Lang Lang plays with cosmic virtuosity. The melancholic variations, such as 15 and 25, moved like the slow rotation of an icy planet, expressive and aching. Variation 25, however, seemed buried under gloom. The pianist stretched Bach’s cantilena like taffy, but labored fermatas and rubato let the planet freeze over. It’s an Achilles heel far less fatal in live performance than, for instance, in Lang Lang’s controversial recordings of “Goldberg Variations.”
Austrian pianist Artur Schnabel wrote that the nature of a performance “is to happen but once, to be absolutely ephemeral and unrepeatable.” Schnabel underscores a preciousness in the evanescence of live performance. A similar reverence washed over Davies Symphony Hall, and any questionable stylistic decisions — or pauses to put in eyedrops — ebbed into a blase ripple, subsumed by the bewitching performance.
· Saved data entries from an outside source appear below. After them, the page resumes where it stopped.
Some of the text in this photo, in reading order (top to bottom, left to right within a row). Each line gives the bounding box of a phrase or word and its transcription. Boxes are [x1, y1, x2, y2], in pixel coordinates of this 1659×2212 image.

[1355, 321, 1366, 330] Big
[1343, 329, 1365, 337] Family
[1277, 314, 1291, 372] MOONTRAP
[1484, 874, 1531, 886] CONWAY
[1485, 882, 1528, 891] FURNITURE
In his element, Lang Lang is a supernova. He thundered at the piano, hands striking the pompous chords of Variation 29 like Zeus’ thunderbolts. The scintillating variations, such as 14 and 28, whirled with pin-sharp clarity. Variation 26 was set to a breathless, joyful tempo, and Lang Lang fanned the fire with inexhaustible passion. He played with such ferocity and precision that the rapid, undulating melody seemed to leave smoke in its path.
Yet, when the fumes faded and the twirling variations slowed to a stop, Lang Lang coaxed glassy softness from the piano — a supple sound, gentle but grounded. After summoning violent storms in expansive leaps, Lang Lang returned to the aria delicately, treating its melody with the gentleness of morning dew.
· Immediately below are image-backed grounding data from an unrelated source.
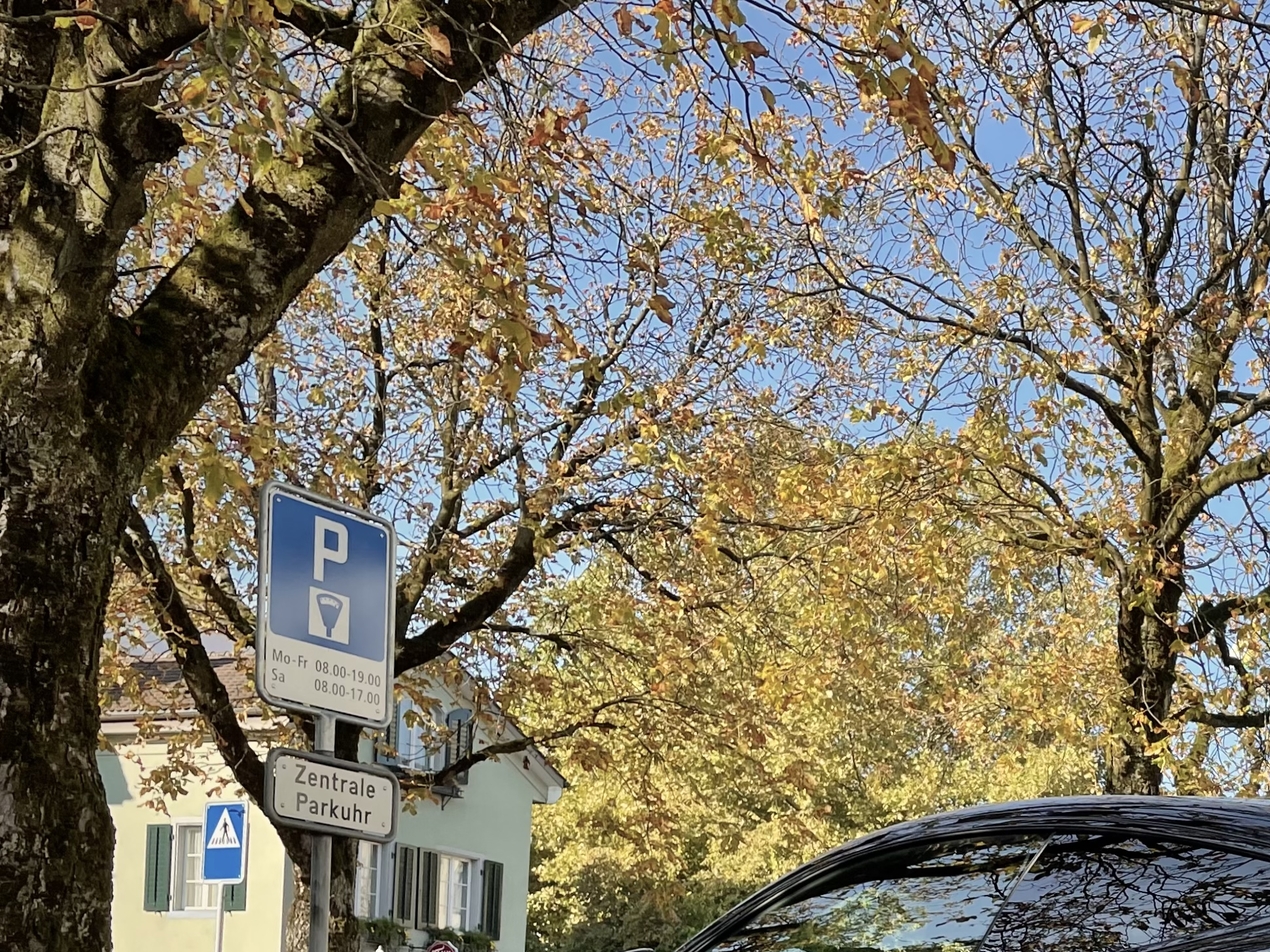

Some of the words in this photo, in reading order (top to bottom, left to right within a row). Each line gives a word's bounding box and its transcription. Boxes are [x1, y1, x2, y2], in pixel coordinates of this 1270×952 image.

[313, 515, 349, 583] P
[271, 668, 285, 683] Sa
[314, 678, 380, 706] 08.00-17.00
[315, 660, 381, 687] 08.00-19.00
[295, 763, 376, 799] Zentrale
[296, 792, 372, 825] Parkuhr
Bach’s “Goldberg Variations” unspooled leisurely at Davies Symphony Hall, but Lang Lang surprised the ravenous audience with an encore performance of “Jasmine Flower,” a popular Chinese folk song. The encore shrugged off pretense and embraced vulnerability. Lang Lang glittered in “Jasmine Flower,” the pentatonic melodies fluttering around the hall’s ethereal chrysalis. A sense of magic buoyed patrons as they left Davies’ cocoon, greeting the chilly San Francisco air tender-hearted and transformed.